> If against all odds, all code everywhere *did* magically drop __proto__
> in favor of Object.setPrototypeOf, then SES and similar subsets would be
> unable to protect secure code from ambient Object.setPrototypeOf usage
> from the insecure side on the secure side's objects, unless
> Object.setPrototypeOf were removed -- but that would break insecure-side
> code that reasonably (per your wishes) uses Object.setPrototypeOf in
> lieu of __proto__.

Well, I don't completely agree with you on this.
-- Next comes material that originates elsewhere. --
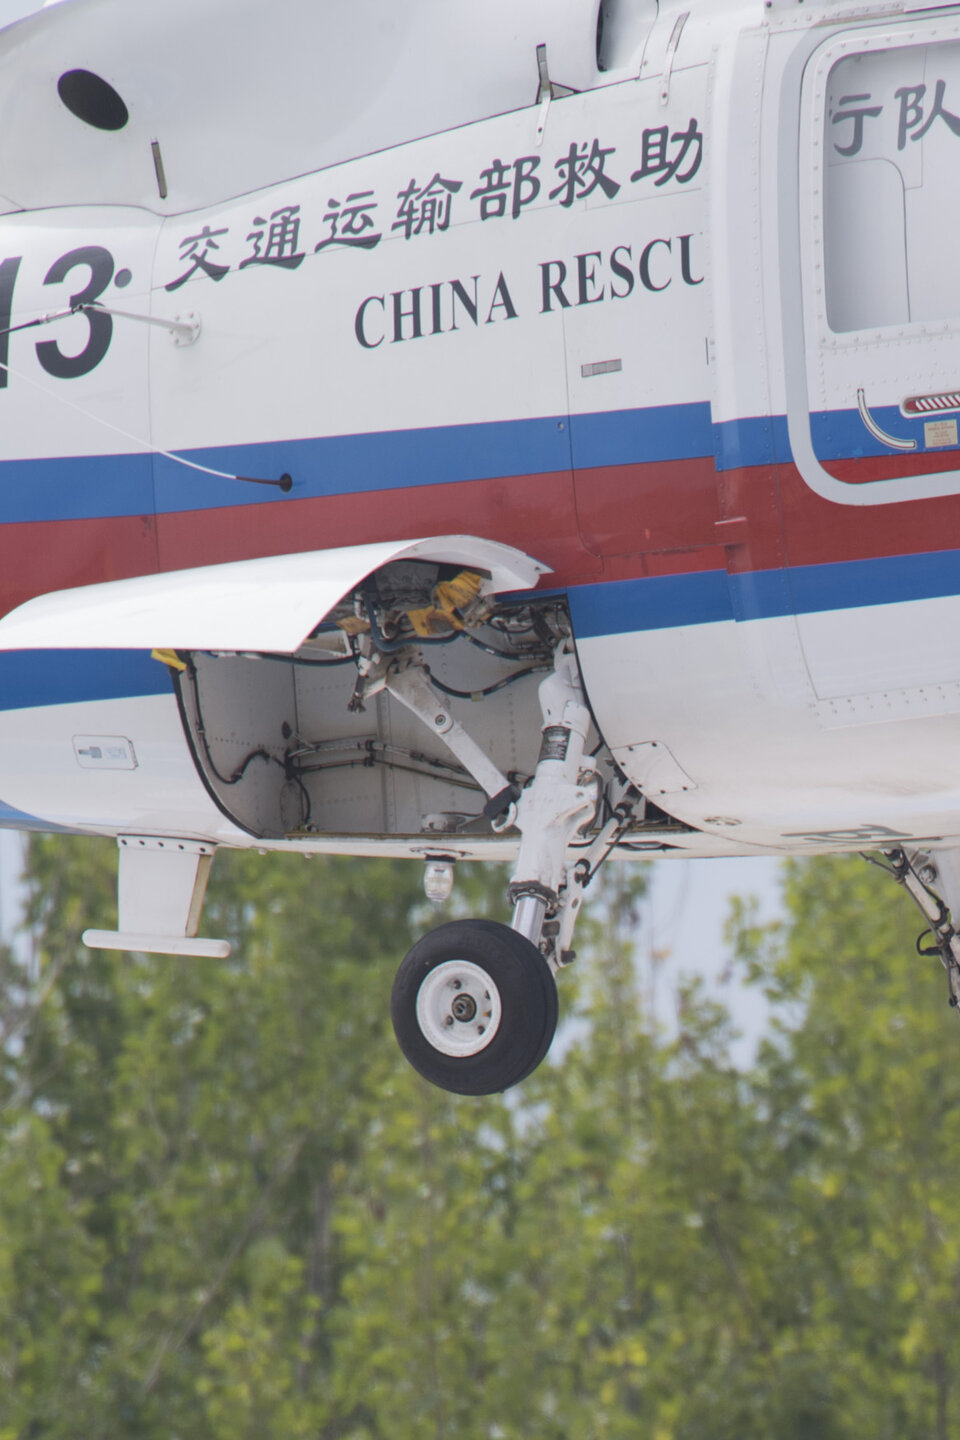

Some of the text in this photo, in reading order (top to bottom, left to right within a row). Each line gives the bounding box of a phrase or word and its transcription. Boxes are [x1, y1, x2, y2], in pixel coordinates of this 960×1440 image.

It would be easy to protect 
objects using 

   Object.freezePrototype(o)

or 

   Object.definePrototypeSetter(o, function(o,p) { 
      if(isValid(p)) return p else throw new Error('...'); 
   }). 

I would really like to know how you expect SES to secure a property that lays 
in the Object.prototype object and could be overriden by a malicious object to 
intercept your __proto__ setter calls.

BTW, you could also *redefine* Object.setPrototypeOf to match your security 
requirements without completely removing it.


I know it's not your point of view, but if MSFT never implements __proto__ in 
IE (except behind a 'compatibility' mode for sites that rely on it, in the 
Opera's browser.js way) and if everbody do implement Object.setPrototypeOf(...) 
then the few libraries using __proto__ will end up migrating to 
Object.setPrototypeOf(...) or use a polyfill for __proto__ in the case it isn't 
supported.

Phasing out failed experiments *is* possible. I don't think a browser that 
doesn't support <blink> or <marquee> or even document.layers would have a lot 
of problems to view the web as it's now, yet I remember a time where 
document.layers <marquee> were used quite a lot. I do think the argument used 
to claim __proto__ is unfixable is somewhat wrong.